▶ [ASSIGNED TASK]:
Each entry that follows must be output without any deviation.

Recorded data
<<<<

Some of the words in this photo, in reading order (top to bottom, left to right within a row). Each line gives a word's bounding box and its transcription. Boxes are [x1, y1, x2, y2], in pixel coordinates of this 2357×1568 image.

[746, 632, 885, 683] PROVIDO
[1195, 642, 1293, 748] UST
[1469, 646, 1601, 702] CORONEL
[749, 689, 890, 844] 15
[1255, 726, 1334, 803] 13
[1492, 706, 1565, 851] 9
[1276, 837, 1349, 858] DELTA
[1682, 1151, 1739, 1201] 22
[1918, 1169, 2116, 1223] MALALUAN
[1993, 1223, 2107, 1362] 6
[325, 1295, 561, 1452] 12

>>>>

▶ [COMPLETED TASK]:
Some of the words in this photo, in reading order (top to bottom, left to right within a row). Each line gives a word's bounding box and its transcription. Boxes are [x1, y1, x2, y2], in pixel coordinates of this 2357×1568 image.

[746, 632, 885, 683] PROVIDO
[1195, 642, 1293, 748] UST
[1469, 646, 1601, 702] CORONEL
[749, 689, 890, 844] 15
[1255, 726, 1334, 803] 13
[1492, 706, 1565, 851] 9
[1276, 837, 1349, 858] DELTA
[1682, 1151, 1739, 1201] 22
[1918, 1169, 2116, 1223] MALALUAN
[1993, 1223, 2107, 1362] 6
[325, 1295, 561, 1452] 12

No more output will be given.